Previous topic - Next topic
I'm working on a custom dialog manager script for the features I described in this topic. A few questions have arisen in the process regarding UTF-8 characters:

1) In the text of my dialogs.dat file, keywords are denoted by prefacing the keyword with the "@" character. My original concept was to iterate through the keywords in the text using the following: text:gmatch("@(%w+)")which works great for ASCII text and forces keywords to only be alpha-numeric characters. However, my limited testing seems to conclude that it will not work as intended if UTF-8 characters are used.

It looks like a better solution is to instead use the following: text:gmatch("@([^%p%s]+)")which grabs all characters between the @ character and the first punctuation or space character (it only looks at one line at a time, so new-line characters are excluded).

Am I correct that pattern matching doesn't work with UTF-8 characters, and is my second proposed solution viable for when UTF-8 characters are used?

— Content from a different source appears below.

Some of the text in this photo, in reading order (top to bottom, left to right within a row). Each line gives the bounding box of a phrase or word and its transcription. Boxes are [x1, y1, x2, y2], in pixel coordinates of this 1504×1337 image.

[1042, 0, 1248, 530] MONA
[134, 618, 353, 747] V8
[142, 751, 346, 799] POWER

2) I also convert the text input of the player (in their native language) to lowercase with string.lower() so that case does not matter. My testing seems to indicate that string.lower() does not do anything for UTF-8 characters, but I see a note in the lua manual for the string.lower() entry that it depends on the locale.

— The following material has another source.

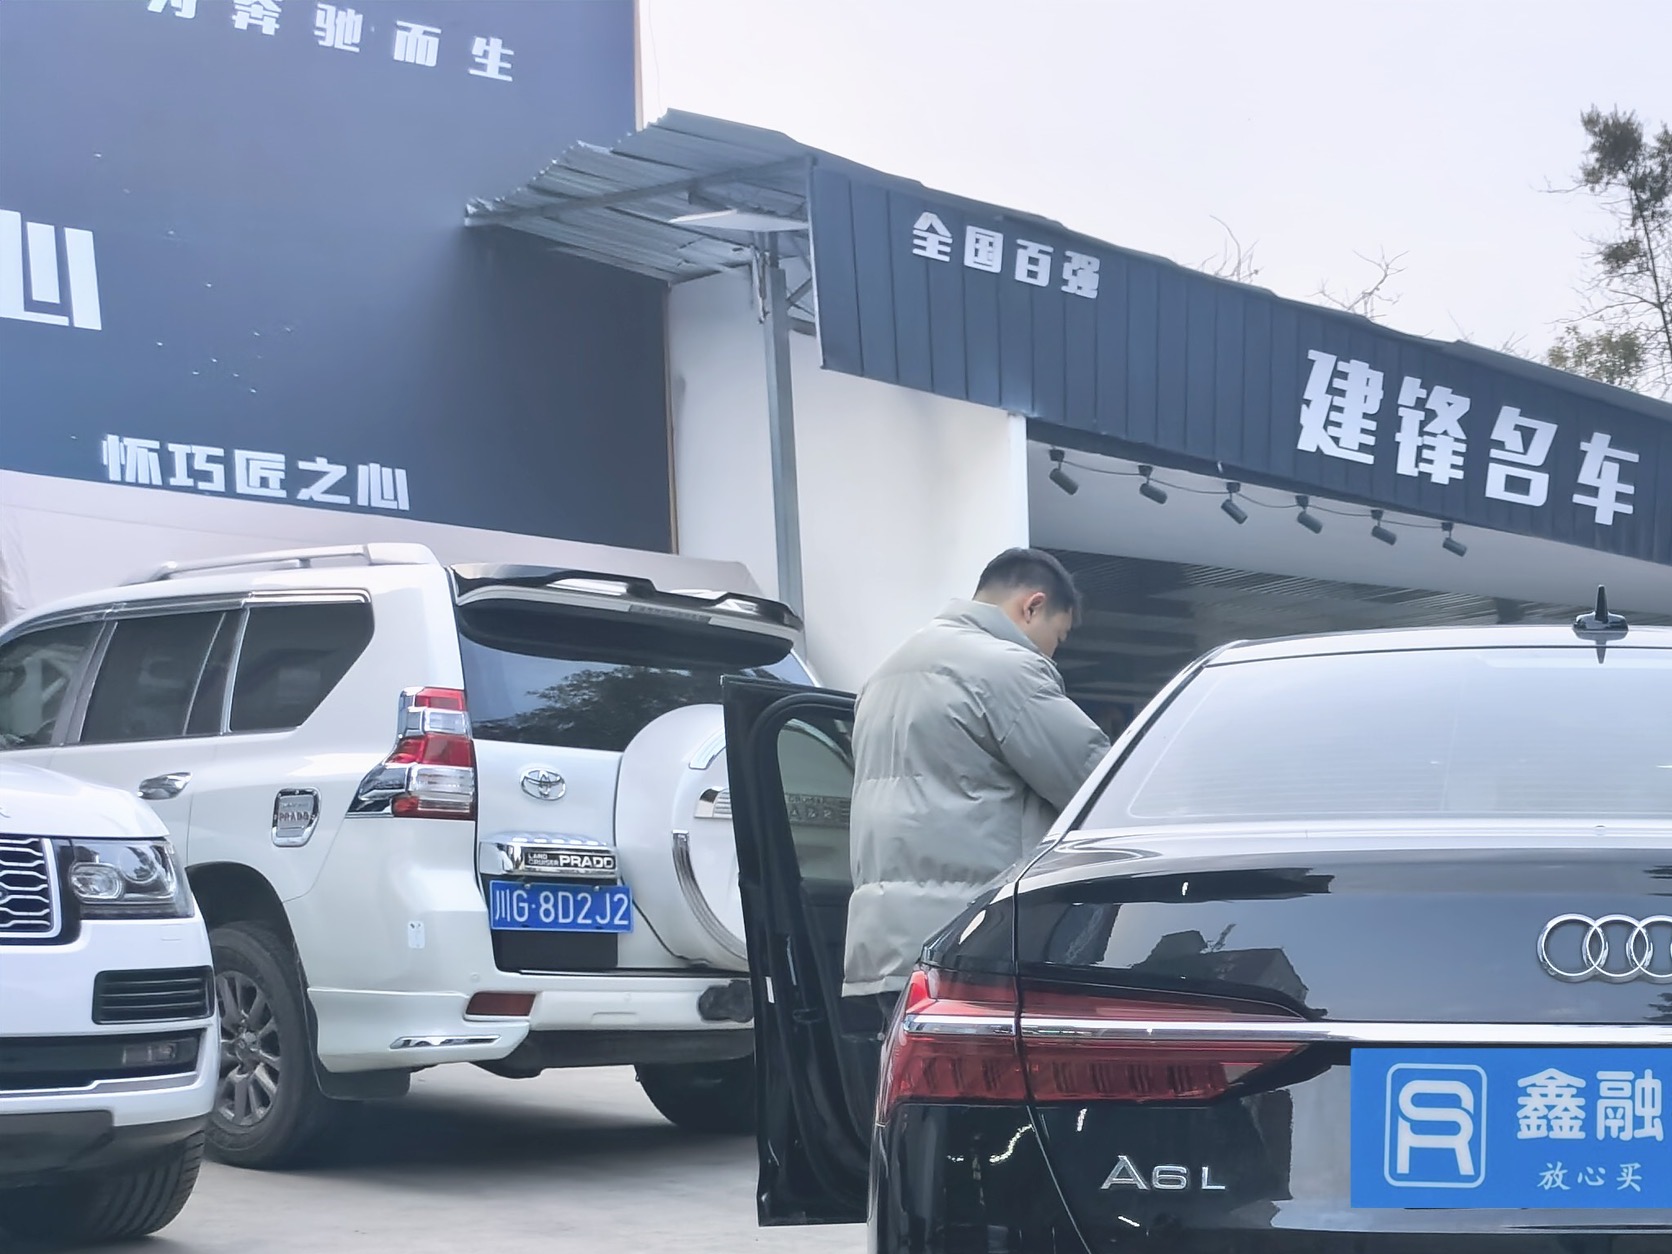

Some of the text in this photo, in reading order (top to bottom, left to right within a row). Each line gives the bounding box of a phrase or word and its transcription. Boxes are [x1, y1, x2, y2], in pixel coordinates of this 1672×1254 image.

[911, 210, 1102, 299] 全国百强
[102, 433, 410, 512] 怀巧匠之心
[1297, 349, 1640, 527] 建锋名车
[559, 855, 614, 868] PRADO

How does the locale affect string.lower() and is the locale set automatically by the Solarus engine? Or perhaps by the operating system?

3) I've noticed that string.len() doesn't work the way I want it to in regard to UTF-8 (multibyte) characters since it returns the number of bytes in the string, and not the number of actual characters. It's easy enough to write my own custom function to count the number of characters in a string, but I figure I may as well ask...

Are there any included lua functions in the Solarus engine that return the number of characters in a string? It looks like lua 5.3 might have support for that, but as far as I can tell, Solarus appears to be using lua 5.1.

Your questions are more about Lua than about Solarus. Solarus does not set up anything special regarding to UTF-8 and locales, so there is no difference with plain Lua.
Lua 5.1 supports UTF-8 strings, and everything is UTF-8 in Solarus dialog files and string files. However, most functions of the Lua string API are not really adapted to UTF-8 because they are just simple bindings to the C library.

1) I think you are correct. Patterns can work with UTF-8 characters but maybe not the %w notation. Patterns work byte by byte, so for a multibyte character, none of its bytes alone matches the %w requirements. Your second solutions looks good to me.
2) The definition of what is an uppercase character depends on the locale, which is the one from the operating system. So if you don't trust string.lower, you can write your own function.
3) string.len is the number of bytes, yes. If you want to count the actual characters, you can make a loop and detect the non-ASCII ones.

Here is an example of how to detect a two-bytes character in an UTF-8 string: https://github.com/christopho/zelda_roth_se/blob/dev/data/scripts/dialog_box.lua#L399
More information here: http://lua-users.org/wiki/LuaUnicode